Les souverainistes de l'UMP, une espèce en voie de disparition
05 juillet 2008
Pour la deuxième fois depuis son élection à la présidence de la République, Nicolas Sarkozy devrait s'exprimer devant le conseil national de l'UMP. Dans les deux cas, le président de tous les Français a souhaité donner une coloration européenne à ses retrouvailles avec les militants de droite. Le 12 janvier dernier, il était intervenu en compagnie de Tony Blair, ancien premier ministre britannique. [Aujourd'hui], il devrait être entouré du président de la commission européenne, José Manuel Barroso, et du président du Parlement européen, Hans-Gert Pöttering.
L'unanimité que suscite la venue de ces personnalités, habituellement cibles favorites des souverainistes, témoigne de la marginalisation grandissante des eurosceptiques au sein de l'UMP. En février 2005, seuls huit députés et trois sénateurs UMP et apparentés avaient voté contre la révision constitutionnelle préalable à la ratification du traité constitutionnel européen. Trois ans après, il n'y avait plus que trois députés UMP (Patrick Labaune, Philippe Meunier, Jacques Myard) et deux sénateurs (André Lardeux et Charles Pasqua, apparenté) à ne pas autoriser la ratification du traité de Lisbonne, qui reprend une partie des anciennes dispositions de la Constitution européenne rejetée par les Français.
La situation a, en effet, radicalement changé par rapport aux débats sur le traité de Maastricht. En 1992, 69% des sympathisants RPR avaient voté "non", 31% "oui". En 2005, 76% des sympathisants UMP ont voté "oui", 24% seulement "non". Plusieurs facteurs expliquent ce retournement, à contre-courant de l'ensemble des Français (49% de "non" en 1992, 55% en 2005). D'une part, si le RPR a, certes, fourni le gros des troupes de l'UMP, ce dernier parti englobe également une partie de l'UDF historique, premier parti à avoir proposé un projet de Constitution européenne. D'autre part, la création de l'UMP n'a également été possible qu'en raison de la normalisation de la droite gaulliste. Si les gaullistes siégeaient sur les bancs de droite des assemblées parlementaires, leur doctrine ne possédait originellement pas les attributs classiques des autres droites européennes, libérales, atlantistes et favorables à une Europe supranationale. Le symbole de leur ralliement à cette dernière étant, justement, le soutien apporté par Jacques Chirac au traité de Maastricht.
Au fil du temps, les gaullistes ont donc soit rallié l'actuelle construction européenne, soit créé leur propre parti, lorsqu'ils n'ont pas changé de position.

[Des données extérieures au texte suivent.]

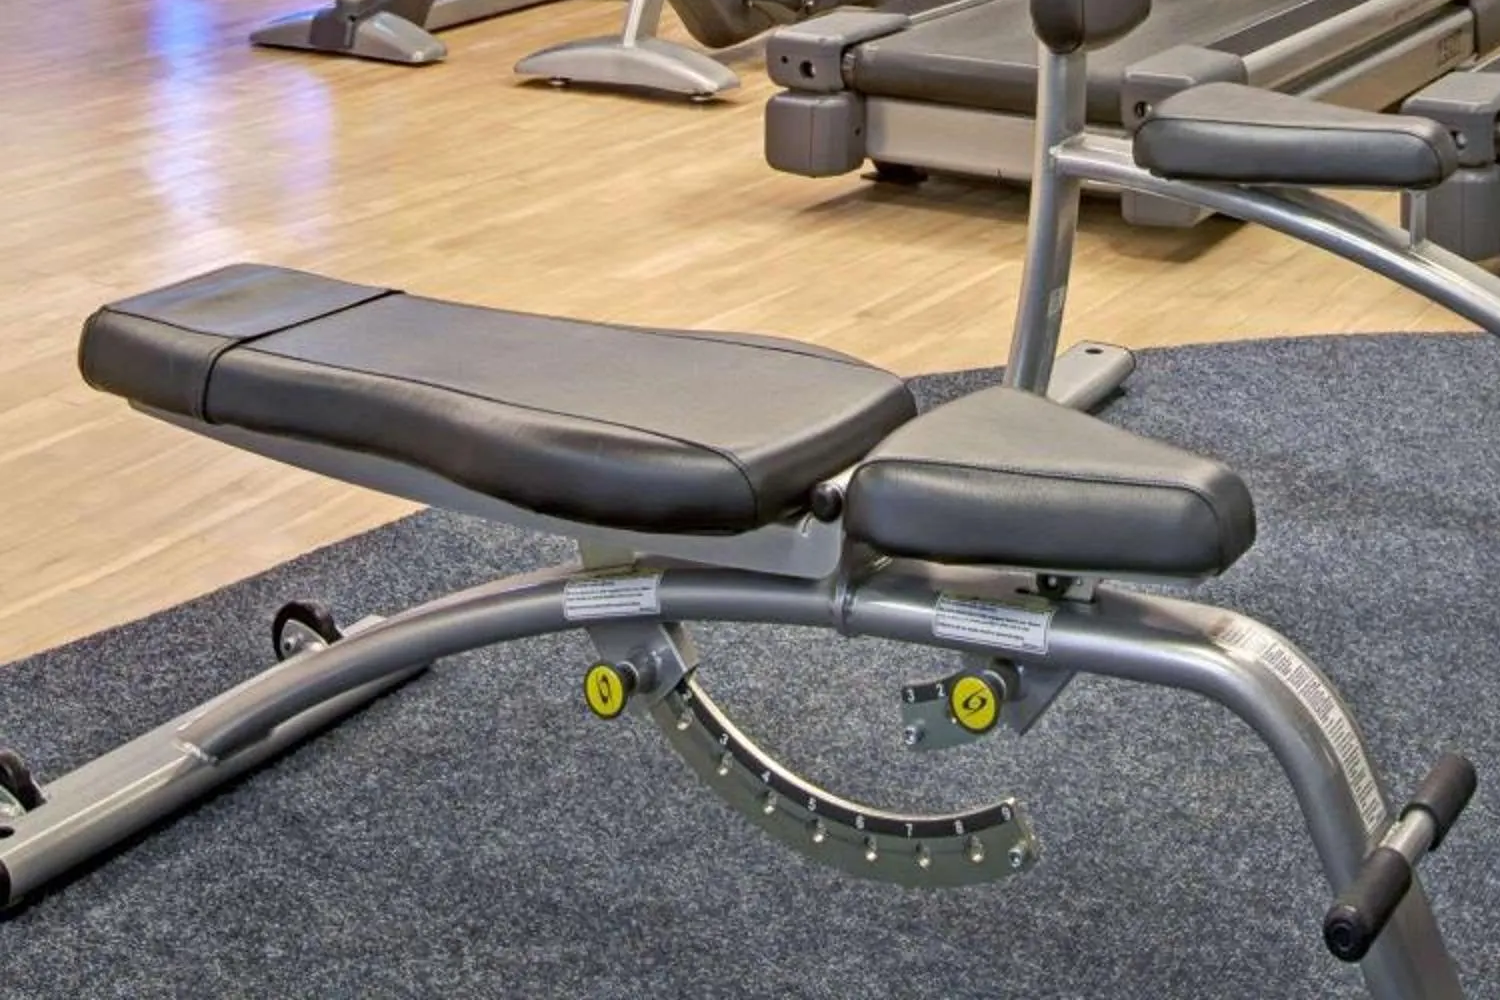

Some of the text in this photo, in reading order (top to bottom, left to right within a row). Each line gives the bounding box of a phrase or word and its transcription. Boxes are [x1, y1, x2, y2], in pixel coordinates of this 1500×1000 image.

[719, 733, 729, 746] 3
[761, 771, 771, 783] 4
[904, 823, 913, 838] 7
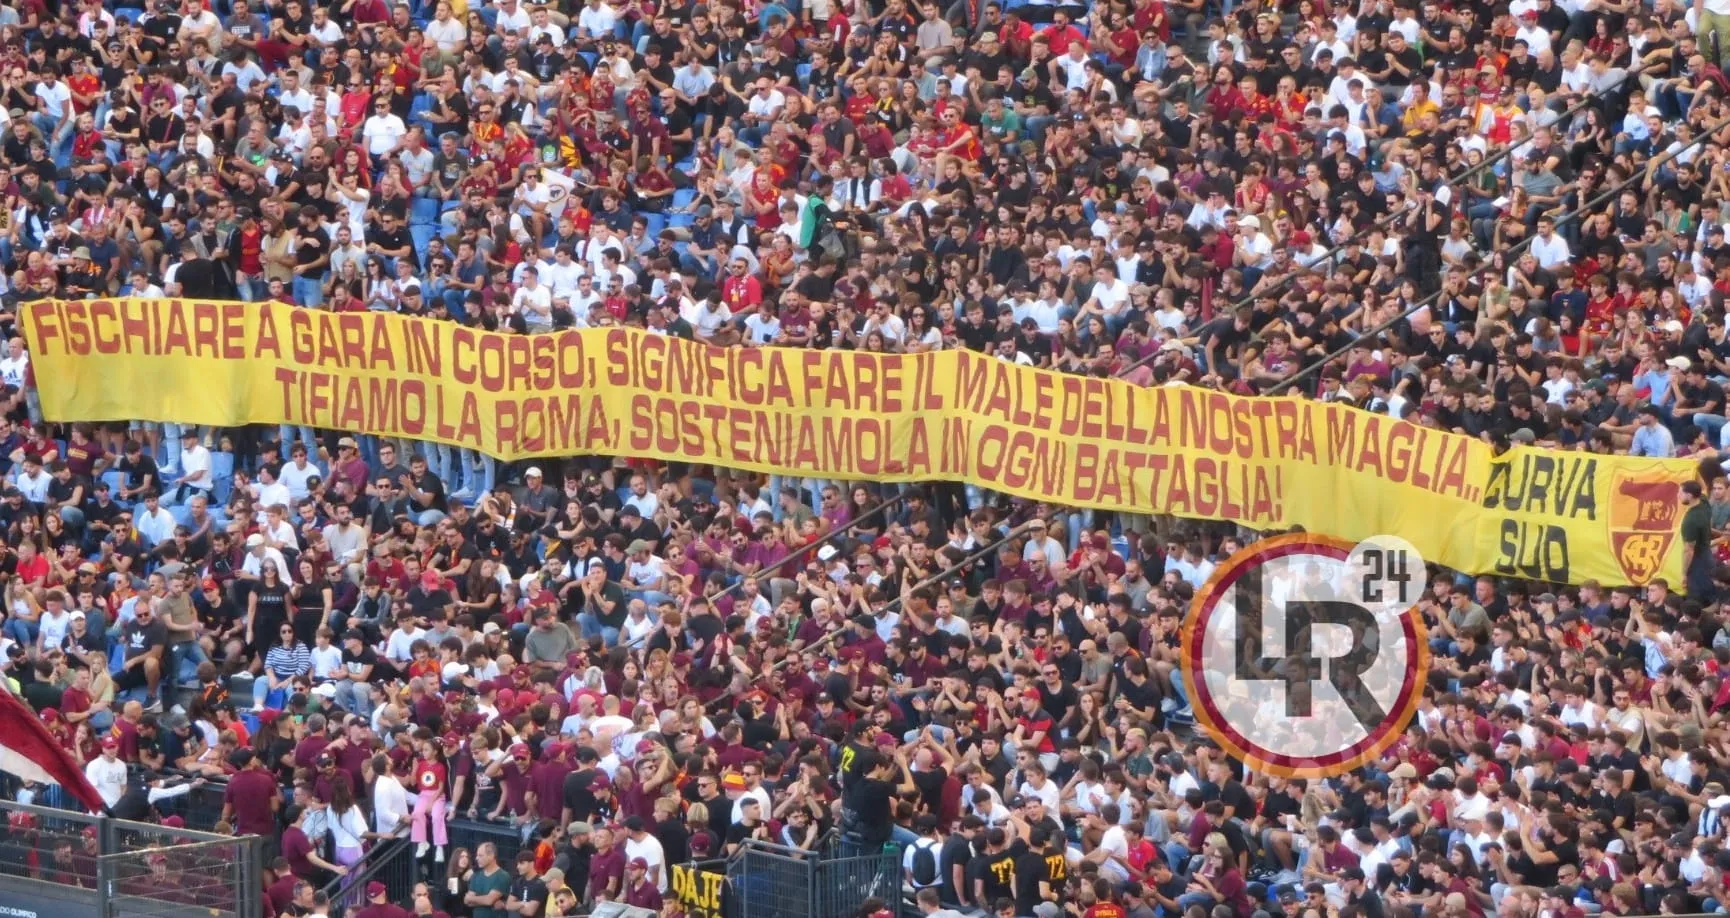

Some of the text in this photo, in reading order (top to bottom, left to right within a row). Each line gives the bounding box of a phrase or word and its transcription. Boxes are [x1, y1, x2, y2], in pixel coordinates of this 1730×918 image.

Parmi les premiers se trouvent le chef du gouvernement, François Fillon, ou les ministres Gérard Larcher et Roger Karoutchi (fondateur du Cercle République et Patrie). Parmi les seconds figurent le parlementaire européen Paul-Marie Coûteaux (Rassemblement pour l'indépendance et la souveraineté de la France), l'ancien conseiller de Paris pasquaïen François Asselineau (Union populaire républicaine) et le député Nicolas Dupont-Aignan. Ce dernier a quitté l'UMP l'année dernière et prépare, pour le 23 novembre prochain, le congrès fondateur de son parti, Debout la République. Des partis qui concurrencent à droite le Mouvement pour la France de Philippe de Villiers (ex-UDF), plus national-libéral que gaulliste.
Il ne reste donc plus à l'UMP qu'une poignée de parlementaires pour considérer que la défense de la souveraineté nationale est une composante essentielle du gaullisme. Finalement, Jacques Myard est le dernier à tenter de structurer la sensibilité gaulliste et souverainiste au sein de l'UMP. Fondateur du Cercle Nation et République, le député a même rédigé le "plan B" des souverainistes : un projet de "Pacte des Nations" européen.